[Saved entries]
- - - - -

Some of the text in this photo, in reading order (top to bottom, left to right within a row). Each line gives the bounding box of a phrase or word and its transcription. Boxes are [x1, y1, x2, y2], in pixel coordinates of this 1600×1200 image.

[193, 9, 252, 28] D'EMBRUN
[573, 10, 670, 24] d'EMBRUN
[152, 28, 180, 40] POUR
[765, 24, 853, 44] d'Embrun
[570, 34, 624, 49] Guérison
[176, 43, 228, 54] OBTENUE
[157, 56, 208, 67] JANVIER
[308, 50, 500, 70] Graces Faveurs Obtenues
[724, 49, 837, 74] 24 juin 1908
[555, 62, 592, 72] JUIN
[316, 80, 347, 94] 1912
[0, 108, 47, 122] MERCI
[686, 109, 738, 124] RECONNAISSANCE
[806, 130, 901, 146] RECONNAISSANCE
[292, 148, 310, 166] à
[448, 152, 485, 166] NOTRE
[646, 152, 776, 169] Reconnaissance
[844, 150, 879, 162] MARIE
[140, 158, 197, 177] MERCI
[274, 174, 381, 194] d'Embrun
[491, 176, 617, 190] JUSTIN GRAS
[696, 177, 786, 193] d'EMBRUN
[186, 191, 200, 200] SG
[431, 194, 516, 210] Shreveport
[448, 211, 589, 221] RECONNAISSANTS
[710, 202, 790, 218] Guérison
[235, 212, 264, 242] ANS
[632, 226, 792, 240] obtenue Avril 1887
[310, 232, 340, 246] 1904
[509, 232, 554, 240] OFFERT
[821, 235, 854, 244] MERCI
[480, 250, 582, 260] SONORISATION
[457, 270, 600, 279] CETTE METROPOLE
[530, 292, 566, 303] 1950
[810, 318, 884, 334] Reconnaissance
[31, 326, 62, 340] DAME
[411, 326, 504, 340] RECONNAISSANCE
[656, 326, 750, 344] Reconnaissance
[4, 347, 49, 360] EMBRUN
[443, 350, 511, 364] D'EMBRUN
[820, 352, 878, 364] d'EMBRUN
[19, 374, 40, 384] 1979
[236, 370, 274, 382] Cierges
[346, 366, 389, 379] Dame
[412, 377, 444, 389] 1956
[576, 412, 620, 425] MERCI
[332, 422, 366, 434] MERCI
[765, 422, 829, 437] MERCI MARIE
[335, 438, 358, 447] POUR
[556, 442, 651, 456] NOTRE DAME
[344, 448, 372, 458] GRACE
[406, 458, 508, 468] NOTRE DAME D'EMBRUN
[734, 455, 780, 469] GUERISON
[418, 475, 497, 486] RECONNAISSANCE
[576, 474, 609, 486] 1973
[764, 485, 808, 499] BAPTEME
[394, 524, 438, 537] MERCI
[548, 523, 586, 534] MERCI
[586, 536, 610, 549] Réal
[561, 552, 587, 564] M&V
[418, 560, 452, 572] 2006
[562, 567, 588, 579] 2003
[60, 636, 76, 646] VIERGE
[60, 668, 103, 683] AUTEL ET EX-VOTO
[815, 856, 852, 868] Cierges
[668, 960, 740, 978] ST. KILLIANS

- - - - -

▶ PROBLEM: Exactness is what counts here: write out every record again.

▶ RESPONSE BOX:
Some of the text in this photo, in reading order (top to bottom, left to right within a row). Each line gives the bounding box of a phrase or word and its transcription. Boxes are [x1, y1, x2, y2], in pixel coordinates of this 1600×1200 image.

[193, 9, 252, 28] D'EMBRUN
[573, 10, 670, 24] d'EMBRUN
[152, 28, 180, 40] POUR
[765, 24, 853, 44] d'Embrun
[570, 34, 624, 49] Guérison
[176, 43, 228, 54] OBTENUE
[157, 56, 208, 67] JANVIER
[308, 50, 500, 70] Graces Faveurs Obtenues
[724, 49, 837, 74] 24 juin 1908
[555, 62, 592, 72] JUIN
[316, 80, 347, 94] 1912
[0, 108, 47, 122] MERCI
[686, 109, 738, 124] RECONNAISSANCE
[806, 130, 901, 146] RECONNAISSANCE
[292, 148, 310, 166] à
[448, 152, 485, 166] NOTRE
[646, 152, 776, 169] Reconnaissance
[844, 150, 879, 162] MARIE
[140, 158, 197, 177] MERCI
[274, 174, 381, 194] d'Embrun
[491, 176, 617, 190] JUSTIN GRAS
[696, 177, 786, 193] d'EMBRUN
[186, 191, 200, 200] SG
[431, 194, 516, 210] Shreveport
[448, 211, 589, 221] RECONNAISSANTS
[710, 202, 790, 218] Guérison
[235, 212, 264, 242] ANS
[632, 226, 792, 240] obtenue Avril 1887
[310, 232, 340, 246] 1904
[509, 232, 554, 240] OFFERT
[821, 235, 854, 244] MERCI
[480, 250, 582, 260] SONORISATION
[457, 270, 600, 279] CETTE METROPOLE
[530, 292, 566, 303] 1950
[810, 318, 884, 334] Reconnaissance
[31, 326, 62, 340] DAME
[411, 326, 504, 340] RECONNAISSANCE
[656, 326, 750, 344] Reconnaissance
[4, 347, 49, 360] EMBRUN
[443, 350, 511, 364] D'EMBRUN
[820, 352, 878, 364] d'EMBRUN
[19, 374, 40, 384] 1979
[236, 370, 274, 382] Cierges
[346, 366, 389, 379] Dame
[412, 377, 444, 389] 1956
[576, 412, 620, 425] MERCI
[332, 422, 366, 434] MERCI
[765, 422, 829, 437] MERCI MARIE
[335, 438, 358, 447] POUR
[556, 442, 651, 456] NOTRE DAME
[344, 448, 372, 458] GRACE
[406, 458, 508, 468] NOTRE DAME D'EMBRUN
[734, 455, 780, 469] GUERISON
[418, 475, 497, 486] RECONNAISSANCE
[576, 474, 609, 486] 1973
[764, 485, 808, 499] BAPTEME
[394, 524, 438, 537] MERCI
[548, 523, 586, 534] MERCI
[586, 536, 610, 549] Réal
[561, 552, 587, 564] M&V
[418, 560, 452, 572] 2006
[562, 567, 588, 579] 2003
[60, 636, 76, 646] VIERGE
[60, 668, 103, 683] AUTEL ET EX-VOTO
[815, 856, 852, 868] Cierges
[668, 960, 740, 978] ST. KILLIANS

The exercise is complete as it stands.